An open letter to Jeremy Corbyn

You are quoted as claiming that “Zionists... don’t understand English irony.” Indeed ironic, for so many of these so-called “Zionists” were dedicated voters and members of the Labour Party.

 Britain's opposition Labour Party leader, Jeremy Corbyn (photo credit: PETER NICHOLLS/REUTERS)
Britain's opposition Labour Party leader, Jeremy Corbyn
(photo credit: PETER NICHOLLS/REUTERS)
London-born of British-born parents, two weeks after World War II, I was raised with an immense respect for the power of water – the 25 miles of Channel that saved 330,000 British Jews, listed in the 1941 Wannsee Protocol among the 11 million Jews in 33 countries targeted for Nazi extermination.
Perhaps the justification for my water obsession is proven in the photos of British policemen in WW2 German-occupied British Channel Islands, arresting and deporting 16 Jews to their fate in Nazi concentration camps. A precursor for all those on the mainland.

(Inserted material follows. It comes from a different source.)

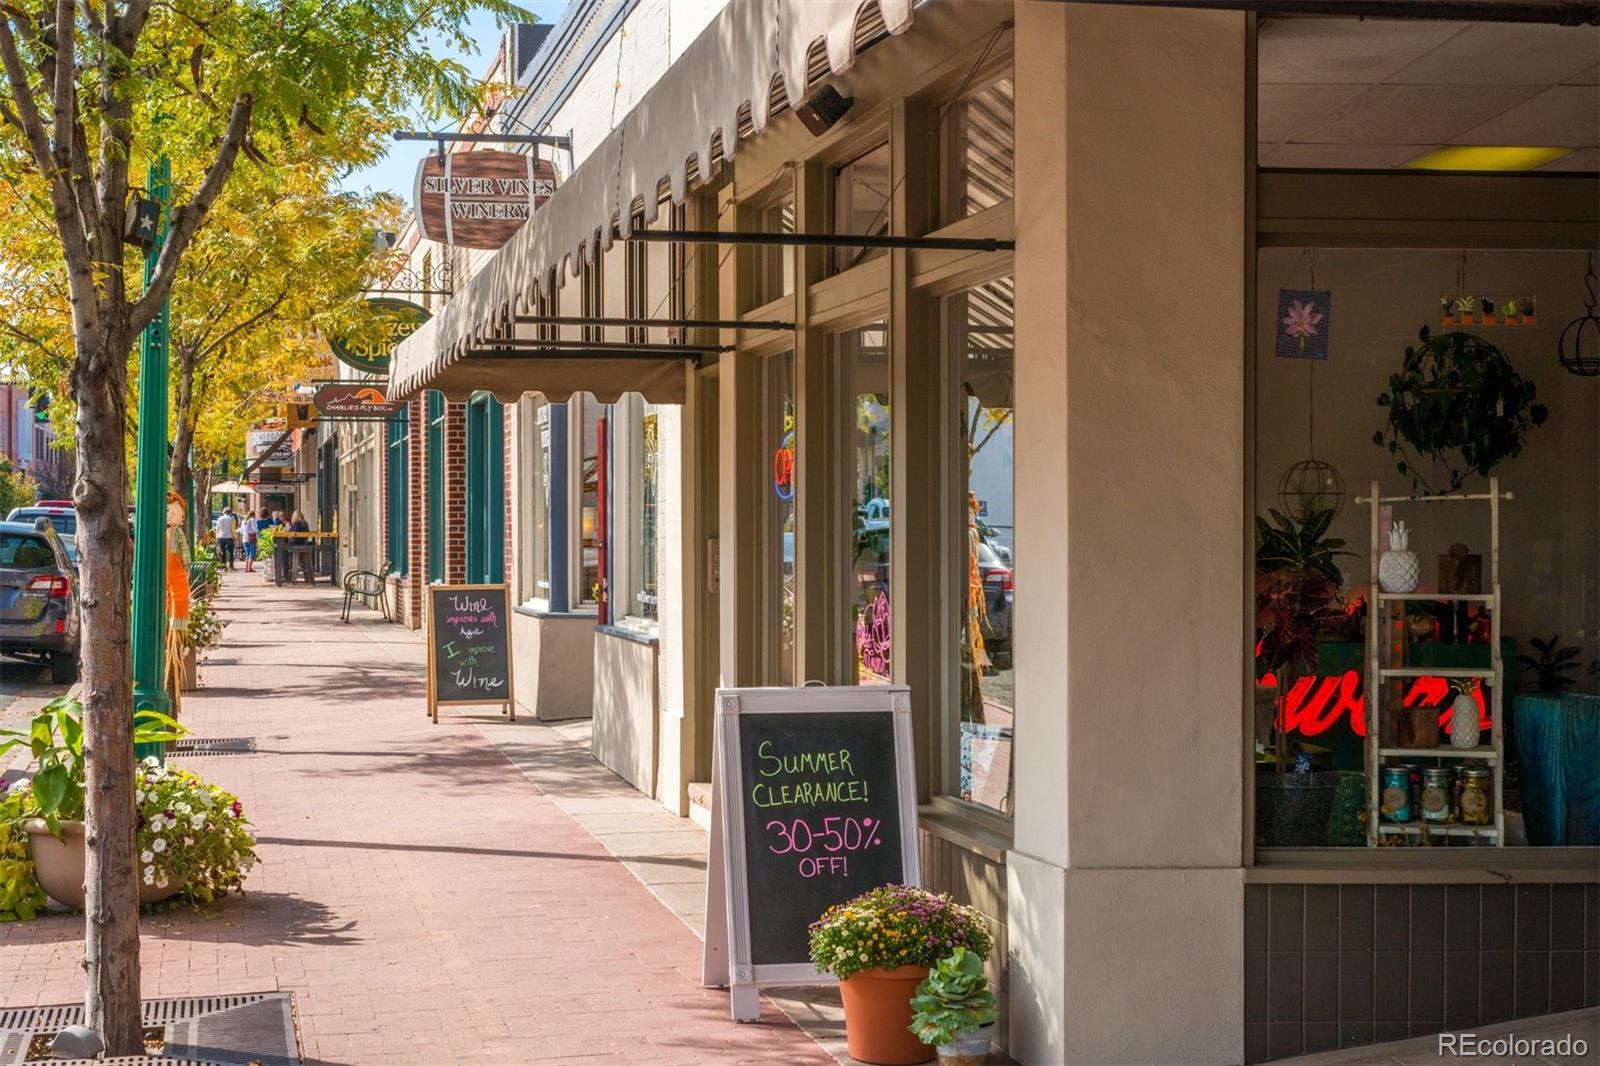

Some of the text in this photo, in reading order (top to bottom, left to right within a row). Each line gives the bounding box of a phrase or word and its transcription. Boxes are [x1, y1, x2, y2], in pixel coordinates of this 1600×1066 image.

Yet it was Britain, standing alone that held back a German invasion to win a war in defense of its values and its own salvation. Nevertheless, the post-war Labour government lost the peace for post-Holocaust Jewish survivors, condemned by British Palestine policy to internment camps in Germany and Cyprus until 1948, Israel’s independence.
Mr. Corbyn, British Jews are staunchly British, but have the right to be concerned for their co-religionists, whether in 1945 to 1948, Soviet Jewry in the 1970s and 1980s, Jews in Muslim countries or threats to Israel.
You are quoted as claiming that “Zionists [a clear euphemism for Jews]... having lived in this country for a very long time, probably all their lives, they don’t understand English irony.”
Indeed ironic, for so many of these so-called “Zionists” were dedicated voters and members of the Labour Party.
As was my uncle Simon, who – at every family gathering – would bring his trophies of the 1936 Battle of Cable Street in London’s East End. There, he had joined other Labourites to repel the Blackshirt British Union of Fascists. He carried away their banner and the helmet of a policeman, whom he claimed was “over-zealous in defending the Fascists.”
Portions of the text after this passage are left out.